Title

Cuttlefish perform multiple agonistic displays to communicate a hierarchy of threats

Document Type

Article

Publication details

Schnell, AK, Smith, CL, Hanlon, RT, Hall, KC & Harcourt, R 2016, 'Cuttlefish perform multiple agonistic displays to communicate a hierarchy of threats', Behavioral Ecology and Sociobiology, vol. 70, no. 10, pp. 1643-1655.

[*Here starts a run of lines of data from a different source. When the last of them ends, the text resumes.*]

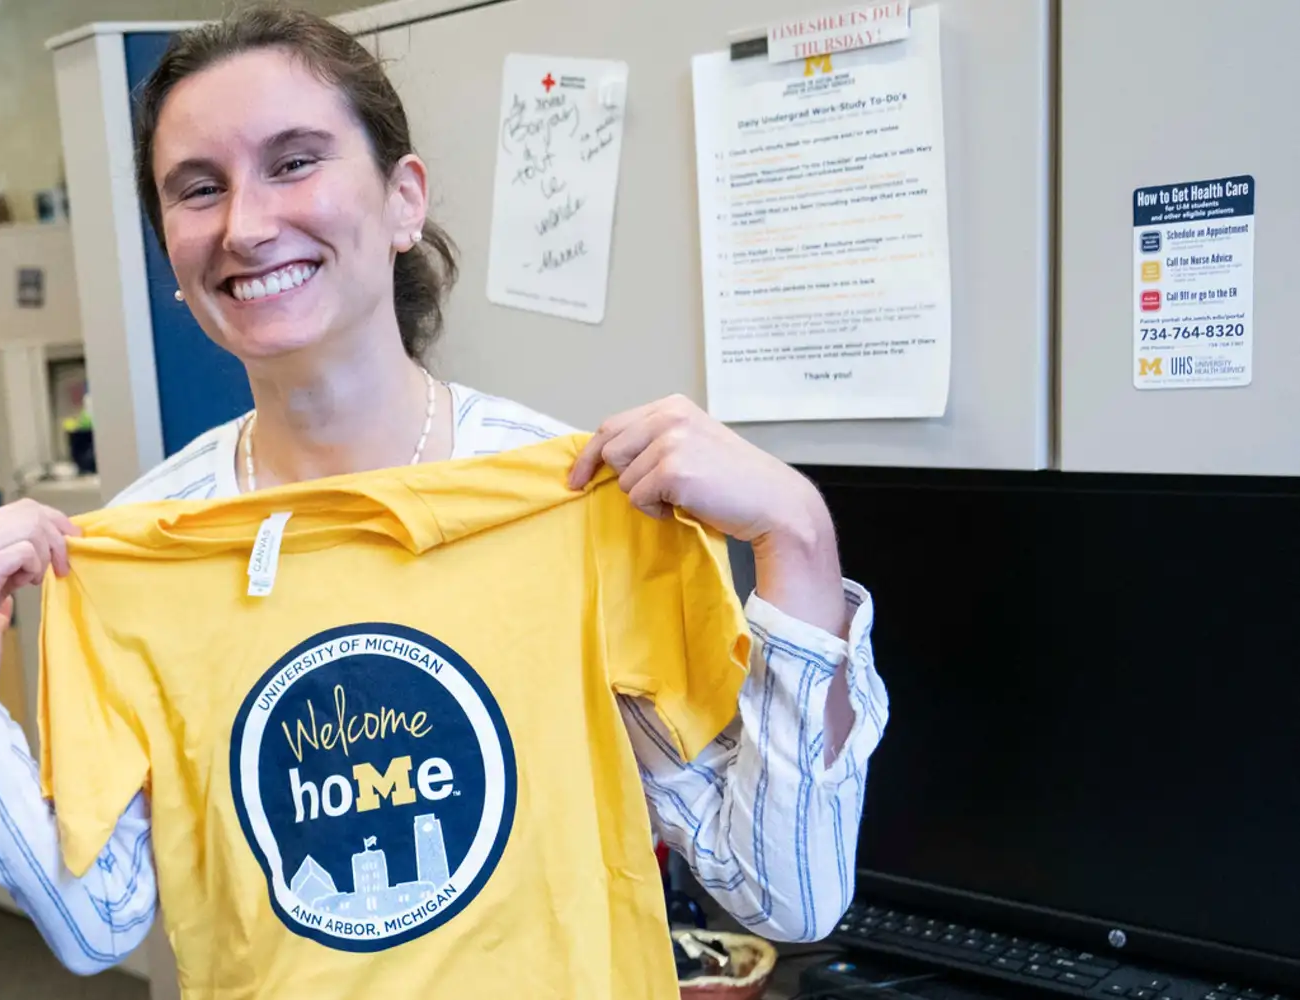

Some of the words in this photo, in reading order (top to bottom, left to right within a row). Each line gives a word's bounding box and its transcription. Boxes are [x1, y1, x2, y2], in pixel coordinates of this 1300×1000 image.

[771, 11, 868, 42] TIMESHEETS
[872, 2, 903, 22] DUE
[792, 27, 882, 58] THURSDAY!
[737, 119, 759, 130] Daily
[761, 107, 810, 125] Undergrad
[1137, 191, 1158, 207] How
[1159, 189, 1170, 205] to
[1172, 187, 1189, 203] Get
[1191, 182, 1223, 201] Health
[1225, 180, 1249, 197] Care
[1150, 213, 1163, 222] and
[1163, 211, 1182, 221] other
[1183, 208, 1206, 219] eligible
[1207, 206, 1234, 218] patients
[1164, 204, 1175, 212] for
[1176, 202, 1190, 211] U-M
[1191, 199, 1220, 209] students
[1166, 227, 1196, 241] Schedule
[1196, 228, 1205, 238] an
[1205, 223, 1249, 239] Appointment
[1166, 257, 1179, 267] Call
[1180, 256, 1189, 266] for
[1190, 254, 1210, 266] Nurse
[1211, 252, 1233, 263] Advice
[1166, 292, 1179, 302] Call
[1180, 290, 1190, 301] 911
[1190, 291, 1198, 301] or
[1199, 290, 1208, 303] go
[1208, 288, 1216, 300] to
[1217, 288, 1228, 299] the
[1228, 286, 1238, 298] ER
[1139, 322, 1245, 342] 734-764-8320
[1138, 357, 1163, 376] M
[1170, 355, 1194, 376] UHS
[1194, 359, 1233, 368] UNIVERSITY
[1194, 366, 1219, 375] HEALTH
[1220, 365, 1246, 375] SERVICE
[804, 370, 830, 381] Thank
[832, 368, 853, 381] you!
[252, 529, 272, 573] CANVAS
[257, 645, 335, 712] UNIVERSITY
[338, 638, 361, 653] OF
[364, 637, 444, 675] MICHIGAN
[281, 683, 433, 764] Welcome
[288, 755, 454, 824] hoMe
[291, 904, 323, 928] ANN
[324, 918, 381, 938] ARBOR,
[384, 883, 458, 933] MICHIGAN

Published version available from:

http://dx.doi.org/10.1007/s00265-016-2170-7

Peer Reviewed

Peer-Reviewed

Abstract

Many animals produce multiple displays during agonistic interactions, but the roles of these displays often remain ambiguous. The hierarchical signaling hypothesis has been proposed to explain their occurrence and posits that different displays convey different levels of aggressive intent, allowing signalers to communicate graded series of threats. This hypothesis suggests that low-risk signals, typically performed at the beginning stages of an interaction, are strong predictors of high-risk signals but weak predictors of physical aggression. High-risk signals, typically produced at later stages of an interaction, are strong predictors of physical aggression. We used giant Australian cuttlefish, Sepia apama, to test these predictions. We combined field observations and laboratory video playback experiments to determine whether (i) male cuttlefish produce specific sequences of displays, (ii) displays in early stages of an interaction predict displays in later stages of an interaction, and (iii) displays produced in later stages of an interaction provide reliable predictors of physical aggression. Field observations suggested that males progressed from low-risk to high-risk signals (i.e., visual signaling to physical aggression). Video playback results zrevealed that the low-risk frontal display, produced during early stages of an interaction, conveys reliable information about the cuttlefish’s intent to escalate to later stages of visual signaling. Both the shovel and lateral displays were produced during the later stages of signaling and were reliable predictors of subsequent physical aggression. Our study supports the hierarchical signaling hypothesis and provides new empirical insights into how cuttlefish use progressive visual signaling to convey increasing levels of threat.